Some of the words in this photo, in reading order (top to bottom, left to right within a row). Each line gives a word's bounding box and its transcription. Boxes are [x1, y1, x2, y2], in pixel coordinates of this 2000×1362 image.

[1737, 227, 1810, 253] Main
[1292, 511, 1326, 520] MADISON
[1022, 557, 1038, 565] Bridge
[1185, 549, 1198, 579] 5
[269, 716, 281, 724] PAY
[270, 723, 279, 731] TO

Work to be completed :: Keeping every line exactly as it is, retype the listing.

Exercise solution ::
Some of the words in this photo, in reading order (top to bottom, left to right within a row). Each line gives a word's bounding box and its transcription. Boxes are [x1, y1, x2, y2], in pixel coordinates of this 2000×1362 image.

[1737, 227, 1810, 253] Main
[1292, 511, 1326, 520] MADISON
[1022, 557, 1038, 565] Bridge
[1185, 549, 1198, 579] 5
[269, 716, 281, 724] PAY
[270, 723, 279, 731] TO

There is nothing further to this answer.